Mr. Strauss prowls around the key players—conveniently presented in the opening pages as a cast of characters—looking for the jealousies and resentments that motivated each of them, digging into their back stories of betrayals and adulteries, ambitions thwarted and insults not forgotten. He has good reason to do this. There are two strange features of the plot to murder Caesar. First, the conspirators seemed to be drawn from every possible group—old friends of Caesar’s, bitter enemies, disdainful patricians, violent soldiers, poets and orators. How was it possible to create such a broad alliance against one man, who had spared many and bestowed his generosity on quite a few? Second, how did they manage to get 60, maybe 80, people involved and yet keep it secret? What on earth had Caesar done to alienate so many? And was there anything the conspirators agreed on other than that Caesar must die?
A different kind of history can explain the crisis of the Roman state. Rapid imperial expansion enriched too few. Hugely extended frontiers demanded the creation of armies greater than ever before, legions of impoverished soldiers who hoped their generals would look after their interests when the fighting was done. A political culture based on competition overheated when so much wealth and so much violence were at hand. Global problems necessitated the empowerment of brilliant but self-serving generals like Pompey and Caesar who could not be contained in civil society. But none of this explains the psychology of a political elite turned into murderers. The Ides of March brought together members of every faction, and once Caesar was dead they immediately sprang apart and became enemies once again. What had Caesar done?

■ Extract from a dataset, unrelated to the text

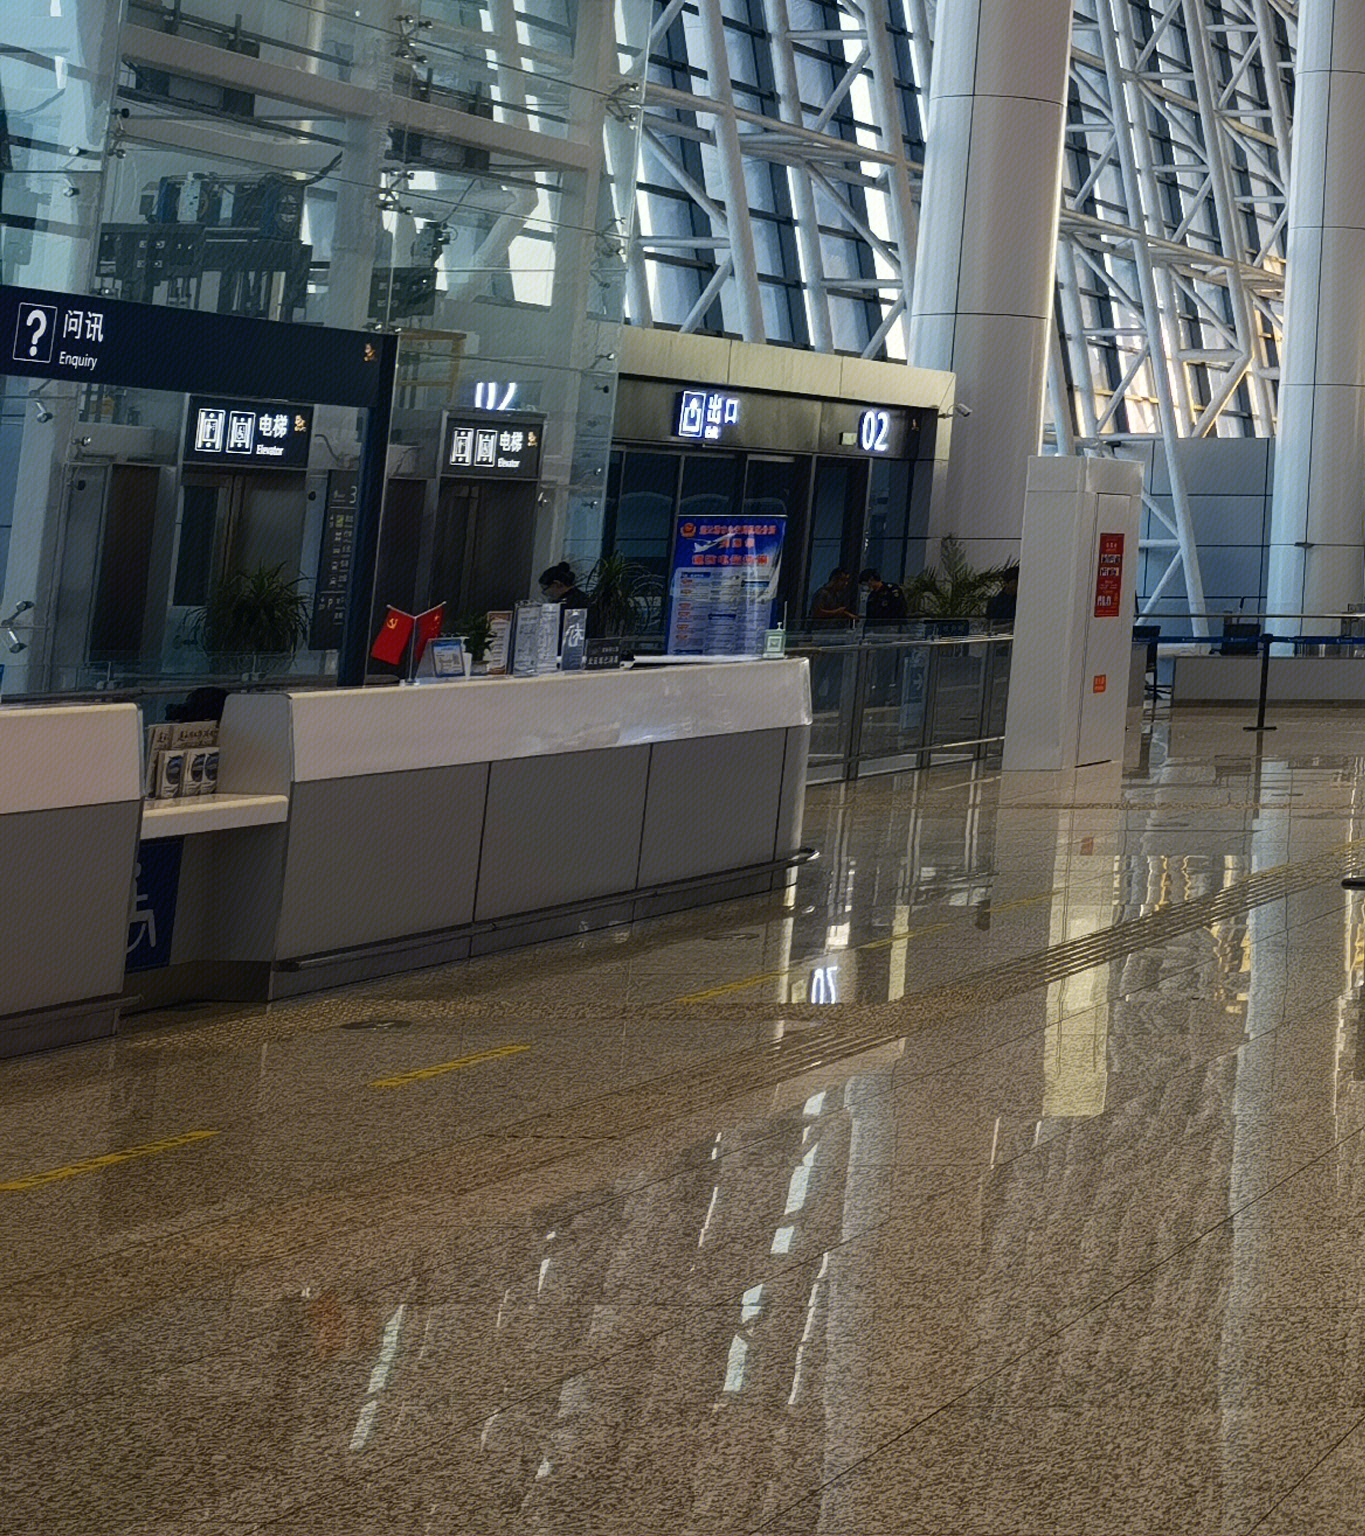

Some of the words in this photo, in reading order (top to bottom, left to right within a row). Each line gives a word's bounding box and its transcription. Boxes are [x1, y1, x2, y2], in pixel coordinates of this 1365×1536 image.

Strictly, of course, we can never know, any more than we can understand the mind of any dead assassin today. How feeble are our explanations of terrorist murders in Boston and London and Paris and Copenhagen. Social factors and political contexts explain a little but not what it was like to be among the killers. Mr. Strauss’s reconstructions are imaginative ones, solidly founded on the source material he knows so well, informed by the most recent scholarly discussions. For each of the key players he offers a sketch of their motivations: Brutus who mistook his self-interest for idealism; Cassius driven by a potent cocktail of ambition and principle; Decimus by hatred well concealed. Jealously and resentment at Caesar’s many alleged affairs—Brutus’ mother, possibly Cassius’ wife—simmered beneath the surface. But our most ancient sources cannot agree on whether Caesar went to the Senate House that morning arrogantly disregarding every warning or whether he fatalistically felt he had “lived long enough.” How can we do better at guessing his mental state? Or that of Cassius and Brutus, Decimus and Trebonius, Antony and Octavian? Perhaps some readers will still put “The Death of Caesar” down with a sigh for noble Brutus (although I won’t be one of them!).

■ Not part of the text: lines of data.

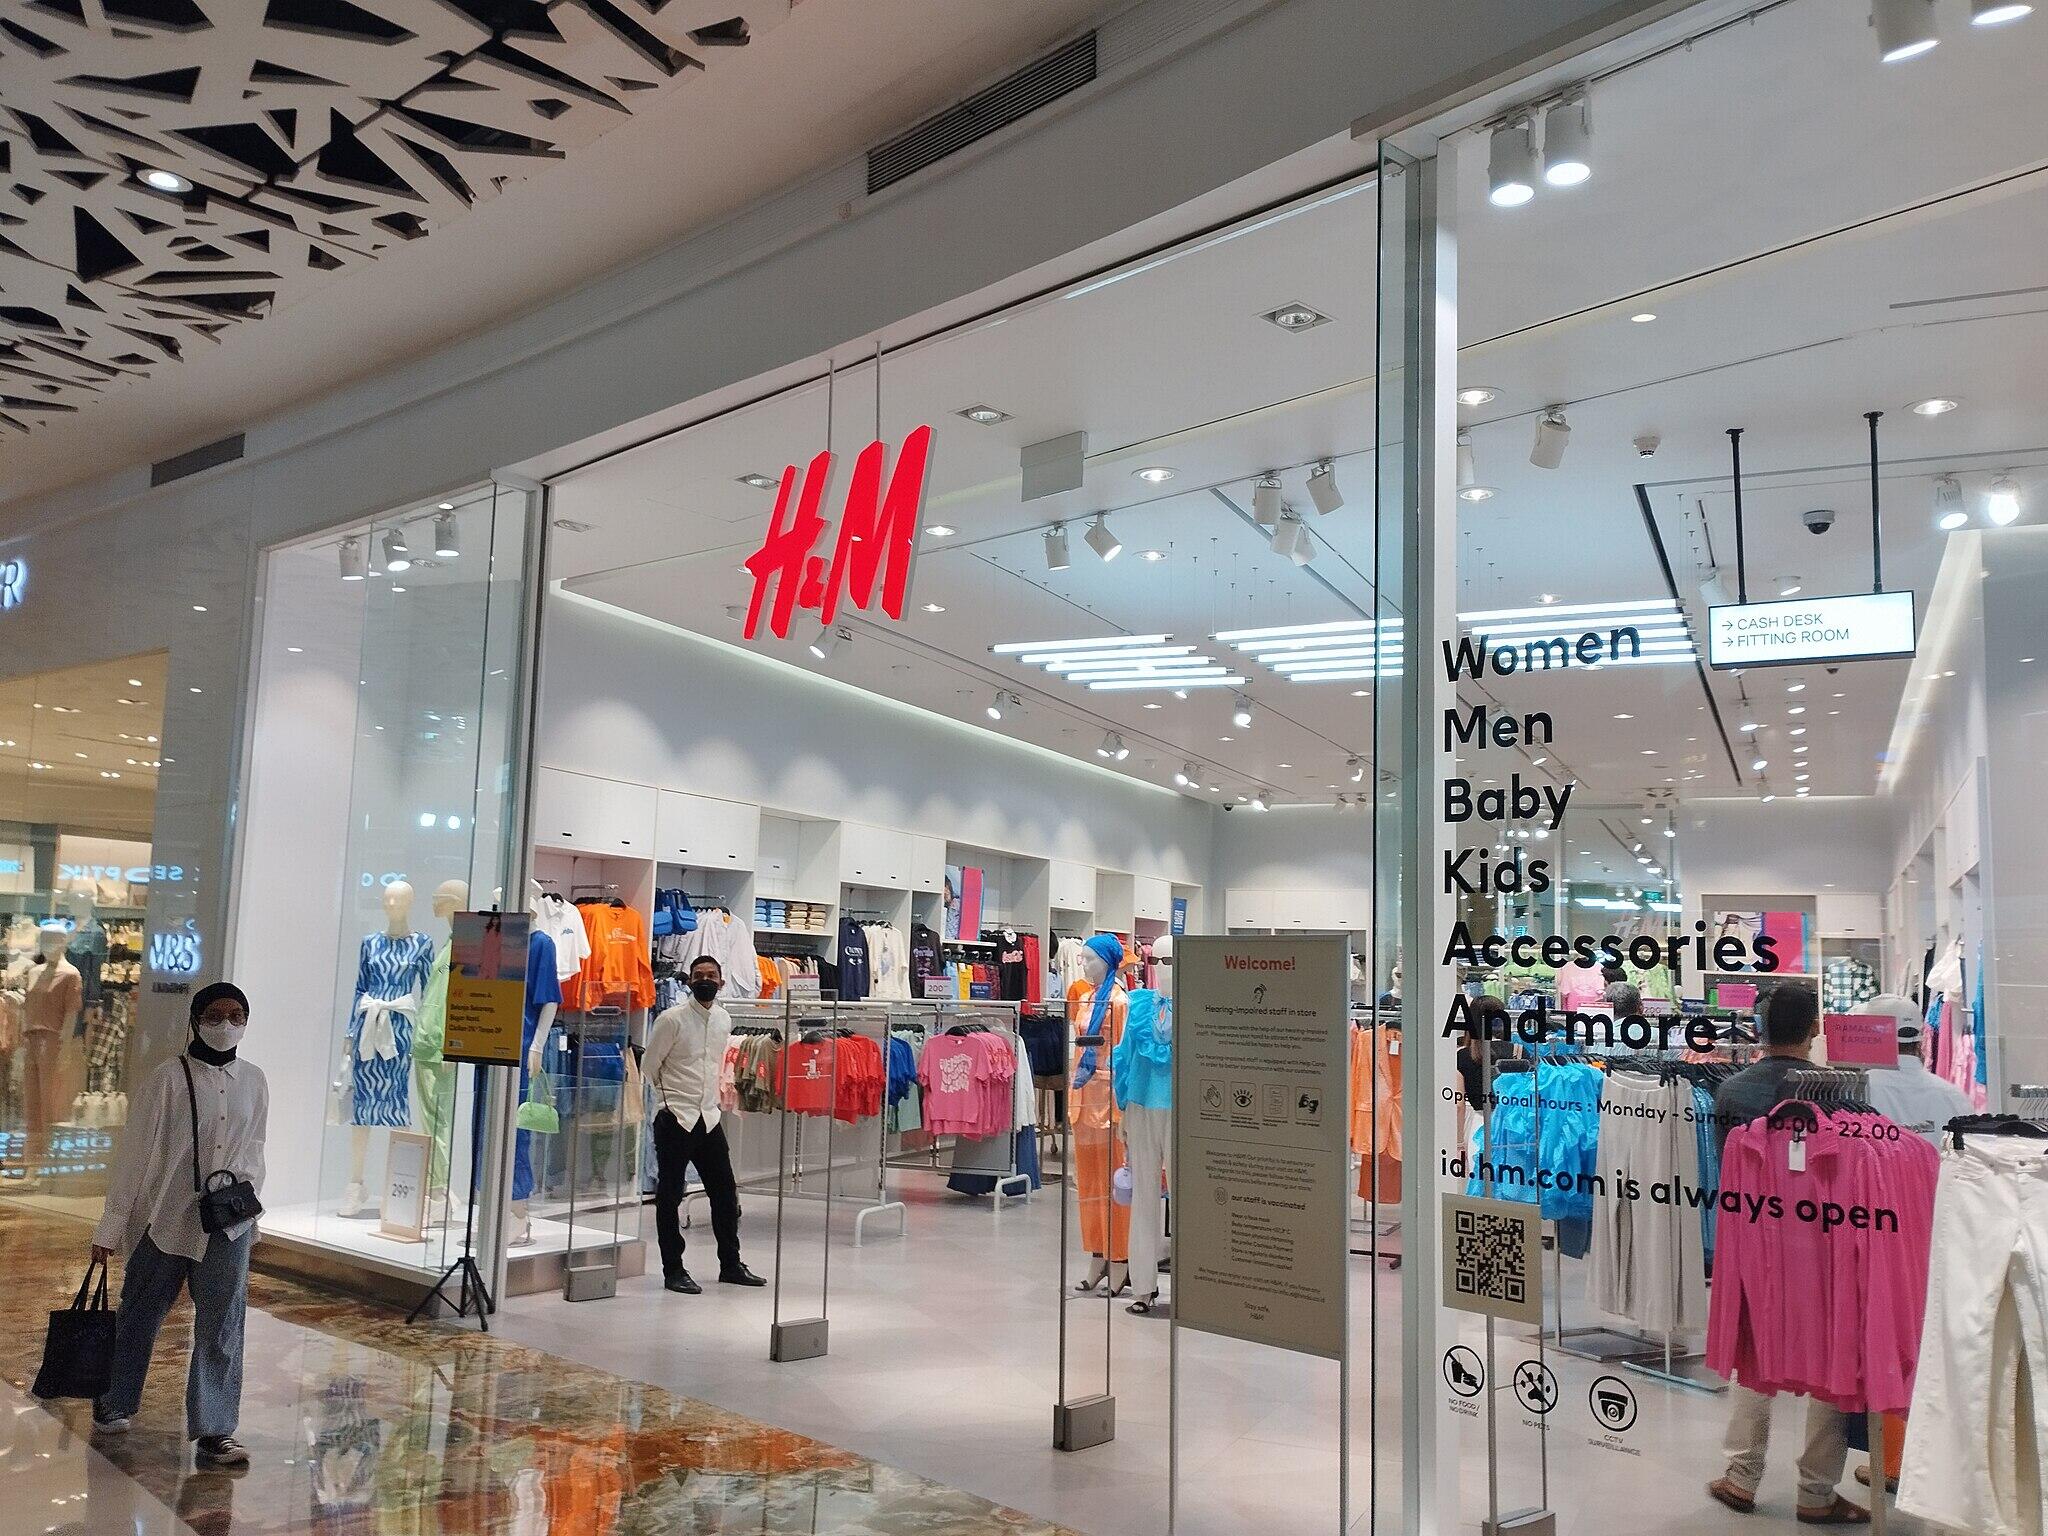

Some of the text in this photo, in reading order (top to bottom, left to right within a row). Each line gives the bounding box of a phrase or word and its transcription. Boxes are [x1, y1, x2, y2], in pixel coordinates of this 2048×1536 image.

[743, 424, 934, 640] H&M
[1737, 613, 1824, 631] CASH DESK
[1737, 628, 1850, 647] FITTING ROOM
[1441, 625, 1641, 683] Women
[1443, 704, 1554, 752] Men
[1443, 773, 1574, 830] Baby
[1443, 847, 1551, 895] Kids
[1224, 954, 1296, 971] Welcome!
[1441, 919, 1780, 973] Accessories
[1205, 1004, 1317, 1017] Hearing-impaired staff in store
[1441, 993, 1718, 1054] And more
[1834, 1022, 1887, 1033] RAMAD
[1441, 1086, 1533, 1107] Opeational
[1537, 1094, 1583, 1112] hours
[1596, 1099, 1668, 1123] Monday
[1838, 1120, 1900, 1142] 22.00
[1440, 1149, 1899, 1233] id.hm.com is always open
[1448, 1398, 1458, 1406] NO
[1459, 1400, 1477, 1410] FOOD
[1522, 1419, 1533, 1427] NO

What Mr. Strauss is really brilliant at is the evocation of place. As Caesar prepares to walk his last paces to his chair in the Senate, Mr. Strauss conjures up the last things he saw: “beyond the double row of plane trees—their branches still bare on the cusp of spring—Pompey’s Temple of Venus the Victorious.” When we approach the fatal stabbing Mr. Strauss tells us what Roman daggers looked like, how heavy they were, how long the blades were, how easy they were to conceal and how hard to push through a human rib cage. Detail after detail clothes the familiar facts of Caesar’s seemingly inevitable murder with fresh images. There wouldn’t be much blood on the conspirators’ daggers, Mr. Strauss surmises, given how much the thick folds of a toga would soak up. The last bloody day of the Republic has never been painted so brilliantly.

—Mr. Woolf, the director of the Institute of Classical Studies at the University of London, is the author of “Rome: An Empire’s Story.”